On Saturday, I ate at Home on Union Street (not in the Castro). I was up in that neighborhood admiring the lights merchants and residents had strung up, dodging the occasional holiday character wandering the streets (Frosty, Santa, etc.) and listening with pleasure to the barbershop quartet with four old guys. Home had the right light upon entering, a lot of glass, a lot of nice low indirect light and a lot of candles. There were several tables for two open in the front section with all the nice light, but the host led me to a back room that I swear looked like my middle-school cafeteria and sat me at a table right in the center of the crowded room. So I popped up and went back to the bar and sat down to have dinner. Why sit in an ugly room to eat? You know the food will taste awful. The bartender called me sweetie so I called him honey and the evening progressed nicely. The food was good, especially the charred green beans on the side. I do something like that, stir-frying green beans (especially ones that are past their prime) in a hot cast iron pan, letting them blacken just a bit. Really good.

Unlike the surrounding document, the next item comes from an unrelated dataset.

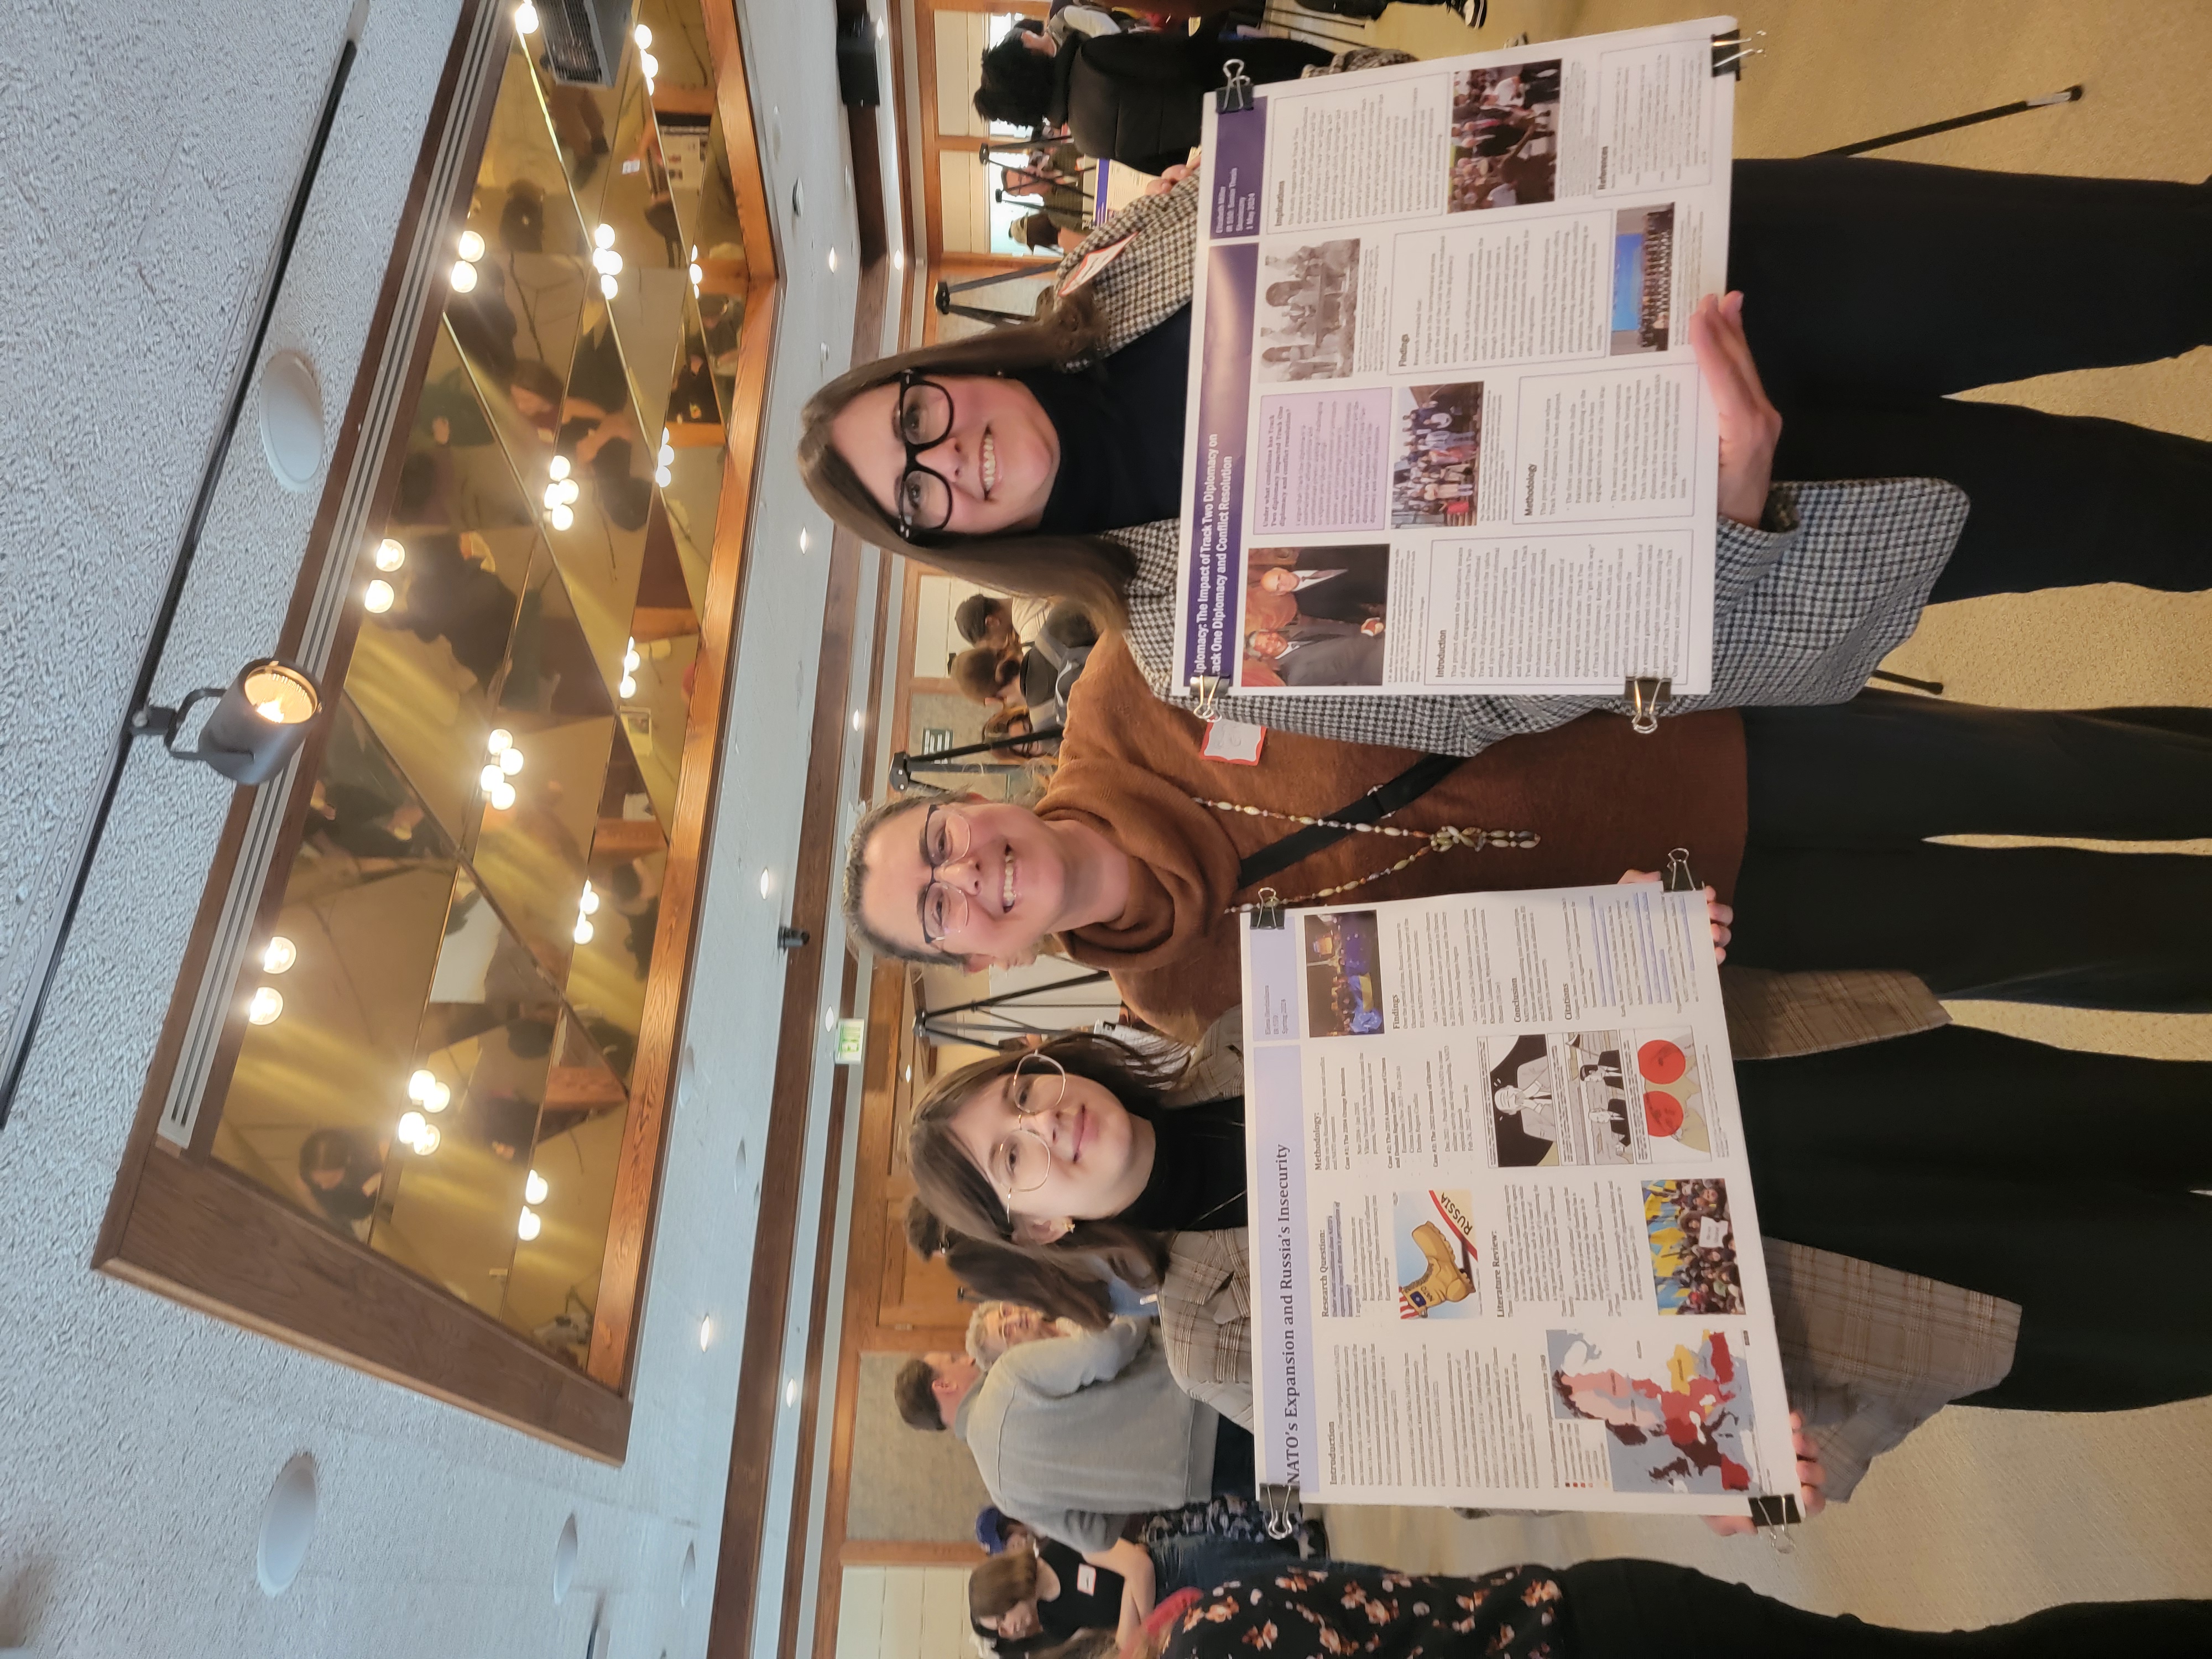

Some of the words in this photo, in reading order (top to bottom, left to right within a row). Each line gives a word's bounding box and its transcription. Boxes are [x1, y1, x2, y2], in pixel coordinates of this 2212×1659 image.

On Sunday, my friend Rajesh and I ate at Frascati (Green Street at Hyde Street), a place I'd found in Zagat. It was cozy, in an old house with lots of little rooms. It was a little close but not uncomfortably so. Now I really like my friend Raj but he does like things just so, and isn't shy about telling me when they're not. And several things were not just so for him, and some of them I'd agree with. He had a venison carpaccio as a starter, and while the carpaccio was quite nice, the plate it was served on was freezing. I would have sent it back but he just ate it. I had a gnocchi dish with some truffle oil. Raj's opinion was that the truffle oil was overwhelming; my own was that less wouldn't have hurt but it was still pretty good. I did have a less than memorable flat iron steak; it was gristly without any offsetting flavor, and I really can't remember what Raj had as an entree. I had a vin santo (with no cookie - Raj was appalled) and he had a Bonny Doon framboise. I've had that before and should have warned him. It's a lighter version of Chambord but just as raspberry-powerful. The service was quite nice, and Raj picked up the tab so it was a good night as far as I was concerned!

Monday was the worst. The concierge at the Grand Hyatt recommended Le Central Bistro downtown on Bush Street. I was having dinner with two girlfriends and didn't want to deal with large crowds or a lot of noise. We were going to talk a lot and wanted to hear each other. It was bistro food but very, very, VERY tired bistro food. Fortunately, neither of my dinner companions held it against me but Connie did tell me I couldn't pick the restaurant next time.

New Silverware

As a wedding present, my lovely grandmother bought a set of twelve five-piece place settings for us. It's an example of repoussé, a process or the product of ornamenting metallic surfaces with designs in relief hammered out from the back, and it's also the name of the pattern. This particular silver was made by S.Kirk & Sons in Baltimore; Kirk and several other silversmiths in the area were apparently famous for using the repoussé method to create very ornamental silver.

Anyway, my aunt who lives in Baltimore went searching for some for my grandmother to give to me and she was quite successful. It was all made between 1900 and 1925, and the forks and spoons have various monograms and names engraved on the backs, like Betsy and RAMcG. I like that little touch.

We always set the table with placemats and cloth napkins, so adding silverware in place of the stainless seemed like a natural move. We put the stainless away, and put six place settings of the new stuff in the drawer. I don' t have space in the drawer for all twelve sets! I suppose I'll rotate it out every six months or so.